Tenka1 Programmer Contest (C,D,E)

第一把 AtCoder，可以说是真的菜了，E 题调到死都没调出来...

C - Align

题意

给定 n 个数字，要求排成一排后任意两个数字之差的绝对值之和最大，求最大值

分析

一定是将数列排序后分成两半，前一半和后一半交替排列。绝对值符号可以去掉，然后每个数字计算次数只跟其位置有关，最后分类讨论一下就好了。

#include <bits/stdc++.h>
using namespace std;
typedef long long ll;
const int N = 1e5+5;
int n, a[N];
int main() {
    scanf("%d", &n);
    for (int i = 1; i <= n; i++) scanf("%d", &a[i]);
    sort(a+1, a+1+n);
    if (n%2 == 0) {
        ll ans = 0;
        for (int i = 1; i < n/2; i++) ans -= 2*a[i];
        ans -= a[n/2];
        ans += a[n/2+1];
        for (int i = n/2+2; i <= n; i++) ans += 2*a[i];
        cout << ans << endl;
    } else {
        ll ans = 0;
        ans -= a[n/2];
        ans -= a[n/2+1];
        for (int i = 1; i < n/2; i++) ans -= 2*a[i];
        for (int i = n/2+2; i <= n; i++) ans += 2*a[i];
        ll ans2 = 0;
        for (int i = 1; i <= n/2; i++) ans2 -= 2*a[i];
        ans2 += a[n/2+2];
        ans2 += a[n/2+1];
        for (int i = n/2+3; i <= n; i++) ans2 += 2*a[i];
        ans = max(ans, ans2);
        cout << ans << endl;
    }
}

D - Crossing

题意

给定 n，问是否存在这样的集合组：

1-n 每个数字都恰好被包含在两个集合中
任意两个集合仅有一个相同数字

分析

n 条边的完全图

#include <bits/stdc++.h>
using namespace std;
int n;
int check(int n) {
    for (int i = 1; i*(i-1)/2 <= n; i++) 
        if (i*(i-1)/2 == n) return i;
    return 0;
}
int mp[505][505];
int main() {
    scanf("%d", &n);
    int k = check(n);
    if (!k) puts("No");
    else {
        puts("Yes");
        for (int i = 1; i <= k; i++)
            for (int j = i+1; j <= k; j++)
                mp[i][j] = mp[j][i] = n--;
        printf("%d\n", k);
        for (int i = 1; i <= k; i++) {
            printf("%d", k-1);
            for (int j = 1; j <= k; j++) {
                if (j == i) continue;
                printf(" %d", mp[i][j]);
            }
            puts("");
        }
    }
}

E - Equilateral

题意

给出一张仅含 '#' 和 '*' 的矩阵，问位置三元组的数目，其满足每个位置上的字符都是 '#' 且任意两点的麦哈顿距离相同

分析

跟题解大致相同的思路。

中心红点是三点麦哈顿距离的交点。

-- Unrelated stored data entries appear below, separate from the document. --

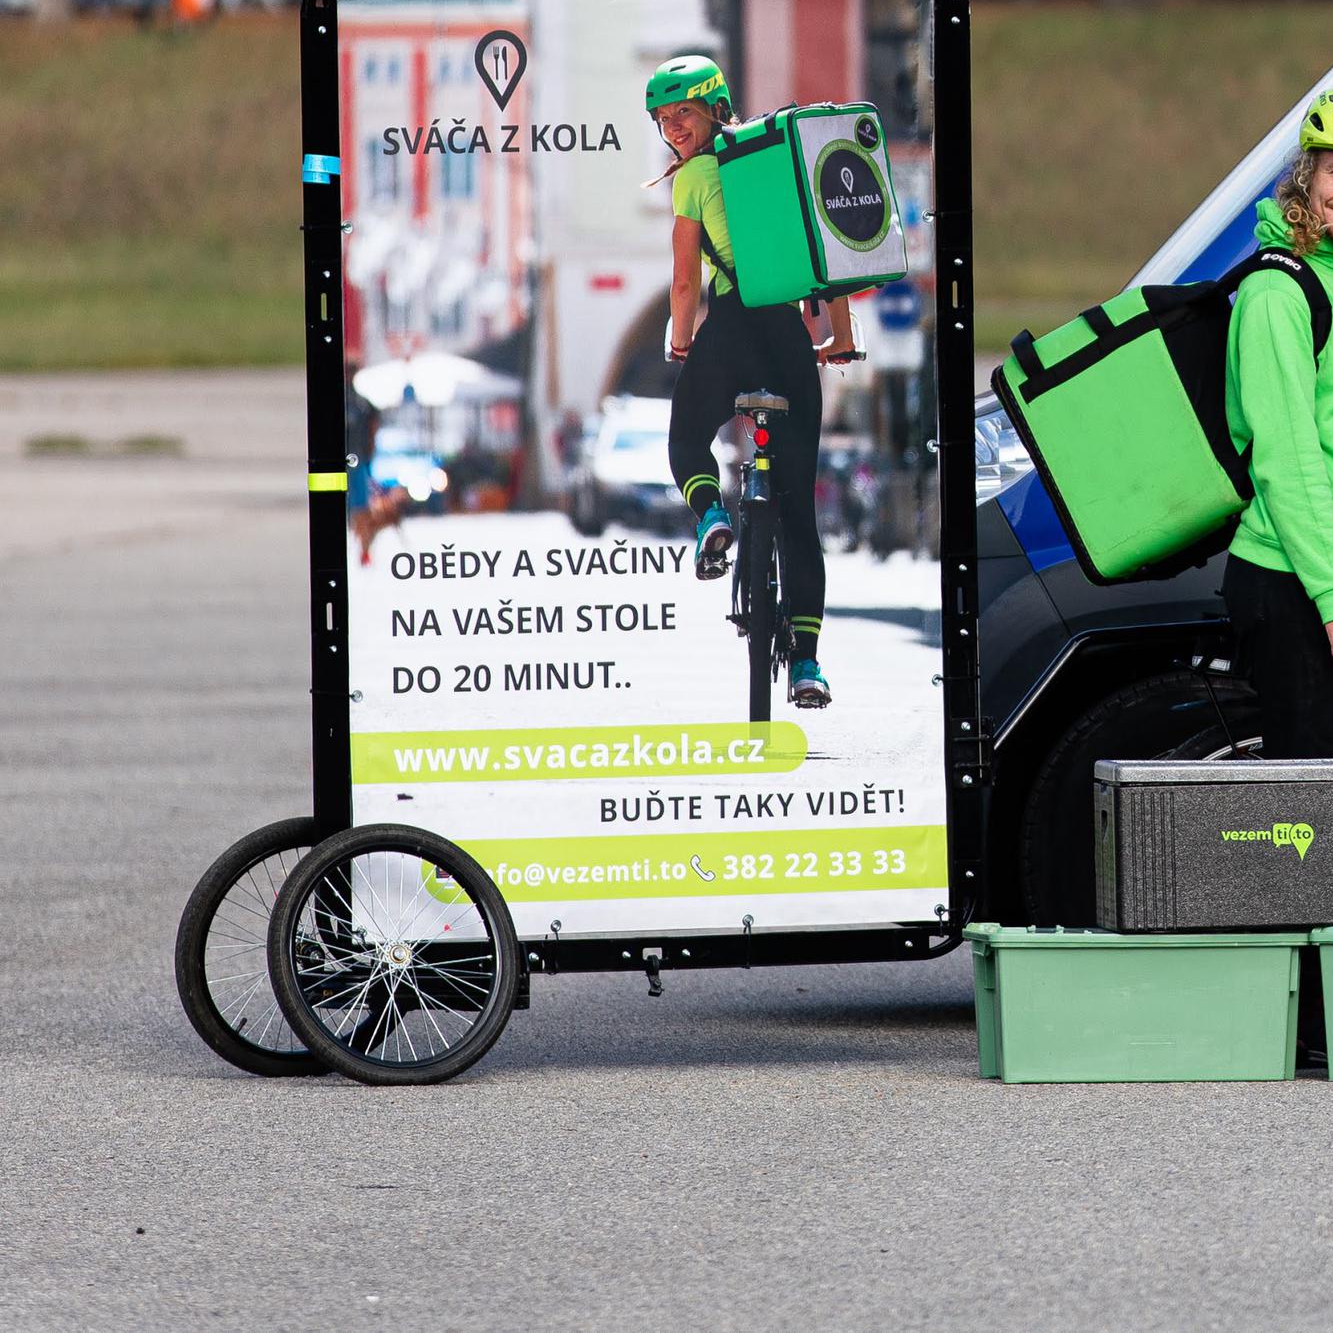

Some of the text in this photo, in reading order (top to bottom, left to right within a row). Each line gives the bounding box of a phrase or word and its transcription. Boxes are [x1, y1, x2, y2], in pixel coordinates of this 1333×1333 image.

[686, 72, 725, 100] FOX
[383, 118, 622, 156] SVÁČA Z KOLA
[826, 193, 882, 210] SVÁČA Z KOLA
[390, 539, 688, 580] OBĚDY A SVAČINY
[391, 599, 677, 637] NA VAŠEM STOLE
[392, 660, 632, 694] DO 20 MINUT..
[394, 732, 766, 773] www.svacazkola.cz
[600, 783, 906, 823] BUĎTE TAKY VIDĚT!
[1221, 827, 1272, 842] vezem
[723, 854, 774, 881] 382
[784, 852, 820, 879] 22
[828, 850, 863, 877] 33
[872, 848, 907, 876] 33

a 和 b 长度相同，第三个点坐落在蓝线上。故先枚举中间的红点，再枚举另外俩红点的位置，统计蓝线上的点的数目即可。预处理斜线前缀和，复杂度O(n^3)

#include <bits/stdc++.h>
using namespace std;
typedef long long ll;
const int N = 305;
int n, m;
char mp[3*N][3*N];
int suml[3*N][3*N], sumr[3*N][3*N];
ll solve(int x, int y) {
    ll ans = 0;
    for (int i = 1; i <= n; i++) {
        int num = 0;
        if (mp[x-i][y] == '#') num++;
        if (mp[x+i][y] == '#') num++;
        if (mp[x][y-i] == '#') num++;
        if (mp[x][y+i] == '#') num++;
        if (num == 3) ans++;
        else if (num == 4) ans += 4;
    }
    for (int i = 2; x-i >= N+1 && y-i >= N+1; i++) {
        if (mp[x-i][y] == '.' || mp[x][y-i] == '.') continue;
        int sx = x+1, sy = y+i-1;
        int ex = x+i-1, ey = y+1;
        ans += suml[ex][ey] - suml[sx-1][sy+1];
    }
    for (int i = 2; x-i >= N+1 && y+i <= N+m; i++) {
        if (mp[x-i][y] == '.' || mp[x][y+i] == '.') continue;
        int sx = x+1, sy = y-i+1;
        int ex = x+i-1, ey = y-1;
        ans += sumr[ex][ey] - sumr[sx-1][sy-1];
    }
    for (int i = 2; x+i <= N+n && y+i <= N+m; i++) {
        if (mp[x+i][y] == '.' || mp[x][y+i] == '.') continue;
        int sx = x-i+1, sy = y-1;
        int ex = x-1, ey = y-i+1;
        ans += suml[ex][ey] - suml[sx-1][sy+1];
    }
    for (int i = 2; x+i <= N+n && y-i >= N+1; i++) {
        if (mp[x+i][y] == '.' || mp[x][y-i] == '.') continue;
        int sx = x-i+1, sy = y+1;
        int ex = x-1, ey = y+i-1;
        ans += sumr[ex][ey] - sumr[sx-1][sy-1];
    }
    return ans;
}
int main() {
    scanf("%d%d", &n, &m);
    for (int i = N+1; i <= N+n; i++) scanf("%s", mp[i]+1+N);
    for (int i = 1; i <= 2*N+n; i++)
        for (int j = 1; j <= 2*N+m; j++)
            suml[i][j] = sumr[i][j] = (mp[i][j] == '#');
    for (int i = 1; i <= 2*N+n; i++)
        for (int j = 1; j <= 2*N+m; j++) {
            sumr[i][j] += sumr[i-1][j-1];
            suml[i][j] += suml[i-1][j+1];
        }
    ll ans = 0;
    for (int i = N+1; i <= N+n; i++)
        for (int j = N+1; j <= N+m; j++)
            ans += solve(i, j);
    cout << ans << endl;
}